Before she could start feeling sorry for him, Maverick changed direction. “When I went to bed on Christmas night, this is what I thought about. When I was grown up, I was going to have a family, and I was going to have a real tree with real presents under it and a real fireplace, and real stockings full of gifts. This is the first time I ever had it. Even at Mo and D’s, I’ve been just borrowing theirs. This is ours. Yours and mine. And next year, when the baby comes...”
He kissed her hands and got up.
“Mav?”
“Hold on a sec.” Crossing the room to the front door, he went to his kutte, hanging on the rickety coat rack, and rummaged in an interior pocket. “I was gonna wrap this, but the box is pretty enough.

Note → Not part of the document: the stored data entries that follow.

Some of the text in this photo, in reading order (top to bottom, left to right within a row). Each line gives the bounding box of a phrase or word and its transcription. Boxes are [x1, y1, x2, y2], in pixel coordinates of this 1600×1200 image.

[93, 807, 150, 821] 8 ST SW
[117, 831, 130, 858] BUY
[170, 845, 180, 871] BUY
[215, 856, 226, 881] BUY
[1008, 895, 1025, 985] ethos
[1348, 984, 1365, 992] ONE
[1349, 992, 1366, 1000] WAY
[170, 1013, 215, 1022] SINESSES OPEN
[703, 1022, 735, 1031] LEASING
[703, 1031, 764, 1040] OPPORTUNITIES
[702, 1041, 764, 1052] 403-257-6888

I got the baby something.”
She smiled. “The baby that’s the size of
a pumpkin seed? That baby?”
“The one and only.” He resumed his seat and handed her the sparkly silver box.
With a curious twist of her brow, she lifted the lid, and then she gasped. “Mav, what?”

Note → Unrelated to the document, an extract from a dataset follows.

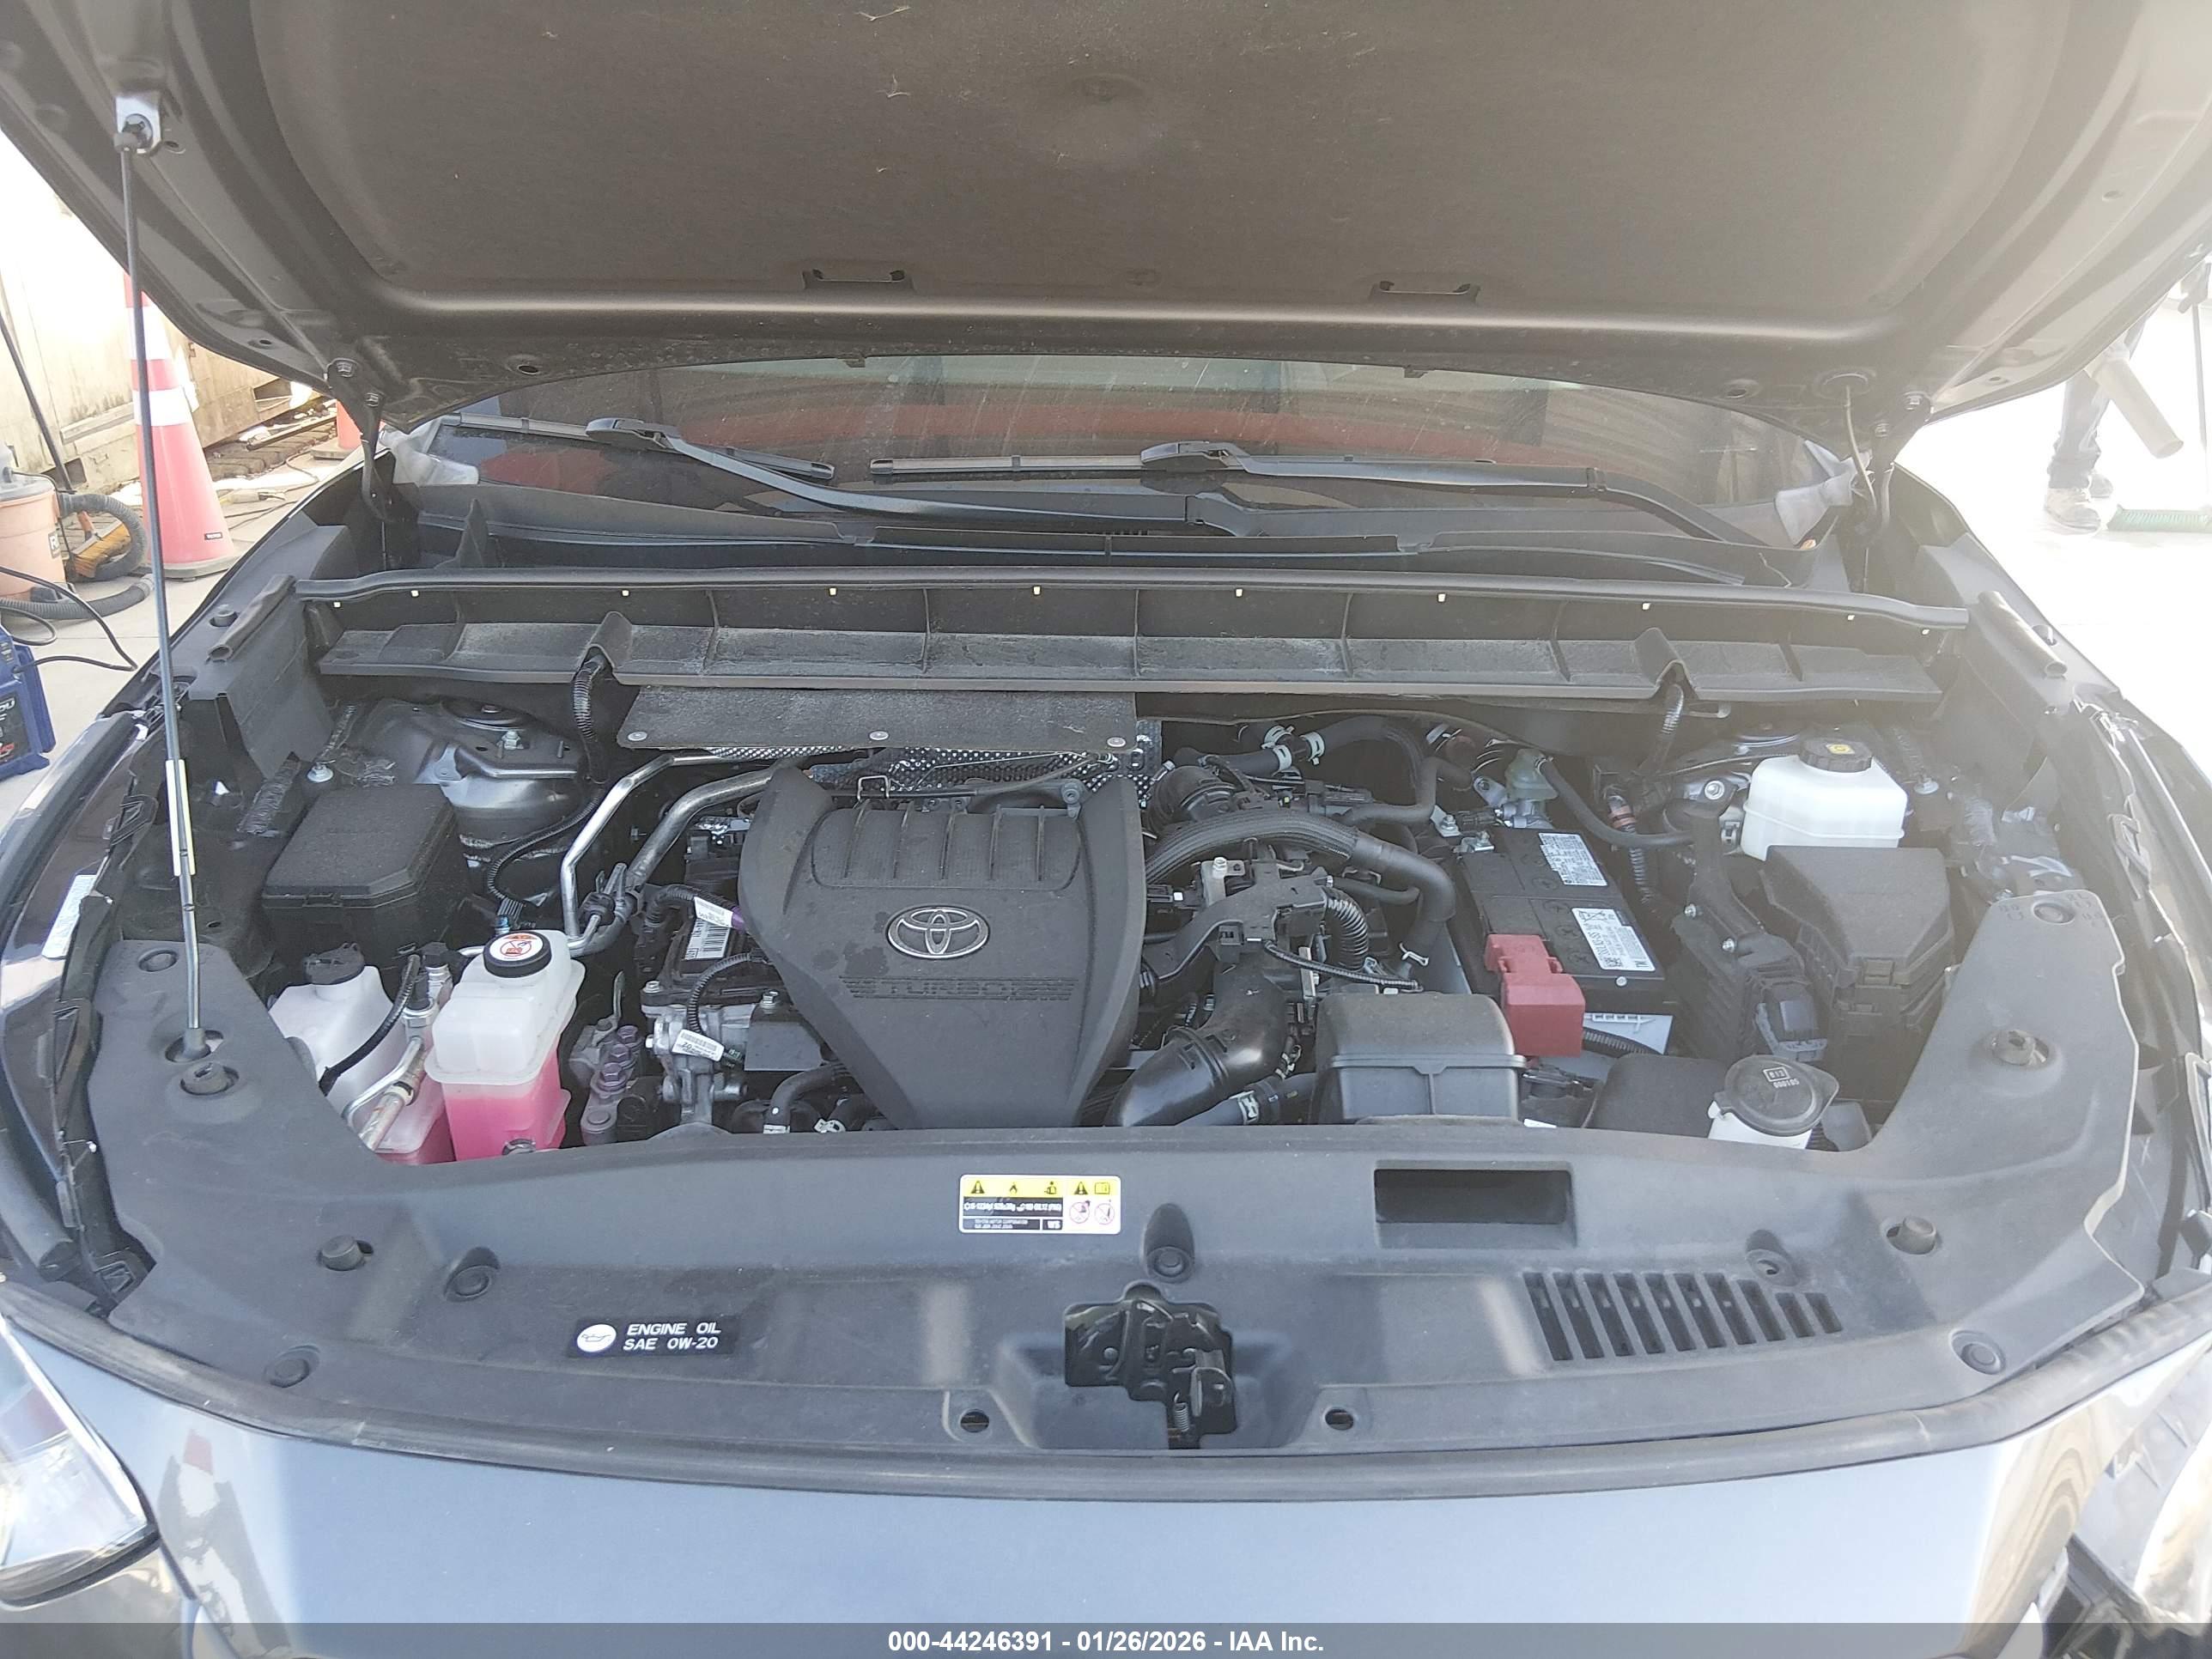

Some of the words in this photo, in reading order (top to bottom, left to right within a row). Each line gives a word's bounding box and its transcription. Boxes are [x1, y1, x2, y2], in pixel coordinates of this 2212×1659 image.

[626, 1322, 688, 1335] ENGINE
[696, 1322, 721, 1334] OIL
[623, 1337, 659, 1351] SAE
[666, 1336, 719, 1350] 0W-20

He took it from her and lifted out the dainty sterling chain. A small, heart-shaped pendant dangled from it. “You see what it says?”

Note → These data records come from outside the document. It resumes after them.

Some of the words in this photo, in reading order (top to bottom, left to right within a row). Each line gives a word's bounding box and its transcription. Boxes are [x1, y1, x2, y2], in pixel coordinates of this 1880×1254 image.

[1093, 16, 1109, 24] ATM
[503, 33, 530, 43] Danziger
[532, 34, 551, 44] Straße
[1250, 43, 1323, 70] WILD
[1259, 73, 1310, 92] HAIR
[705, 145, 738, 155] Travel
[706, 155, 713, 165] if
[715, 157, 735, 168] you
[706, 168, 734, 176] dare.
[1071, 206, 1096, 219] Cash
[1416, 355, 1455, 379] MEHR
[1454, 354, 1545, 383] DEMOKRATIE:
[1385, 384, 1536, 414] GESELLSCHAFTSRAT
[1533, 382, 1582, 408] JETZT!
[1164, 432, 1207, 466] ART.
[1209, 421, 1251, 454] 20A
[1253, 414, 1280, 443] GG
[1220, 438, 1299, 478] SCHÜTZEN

She lifted the pendant on her fingertips. “Mav, what if it’s a boy?”
“She’s a girl. Trust me.”
“But what if it’s not? I don’t know if the baby knows what it is yet. Are you going to be disappointed?”
“To have a son? Fuck no.” He grinned. “I won’t give him this, of course. Might confuse him. I’ll give him something else and love him just as much. But she’s a girl, Jen. I know it. A little girl, and I’m gonna treasure her and carry her around on a puffy pillow so she never gets hurt, and I’m gonna love you and take care of you both so good. Next year, we’ll have another stocking on the fireplace, and there will be a fuck ton of presents under the tree, and she will be perfect and sweet and not spoiled at all even though she’ll have everything she could ever want. All my life, I’ve been working for this one thing. I’m not gonna screw it up. I promise. I swear to you—we are going to have a perfect life and a perfect family, and there is nothing you will ever need to worry about. I will take care of you forever.”
He took the pendant from her and set it back in its box, with the heart front-side up. Sterling silver, engraved in elegant script, with tiny diamond chips dotting the ‘i’s.
Daddy’s Little Girl
CHAPTER TWENTY
Lying on the sofa under Maverick, illuminated only by the multihued glow of the Christmas tree, Jenny looked up into that handsome, scarred, beloved face, into those searching blue eyes, and saw a bottomless reservoir of love for her and their children, and of hope for their future. His hope was better than his reckless confidence of before. That confidence had been heedless of her or anything but what he’d wanted, and he’d dragged her along in his wake. She’d gone willingly, for the most part, but not on her own power. His hope, on the other hand—his hope saw her, heard her, needed her. She was a partner in that hope.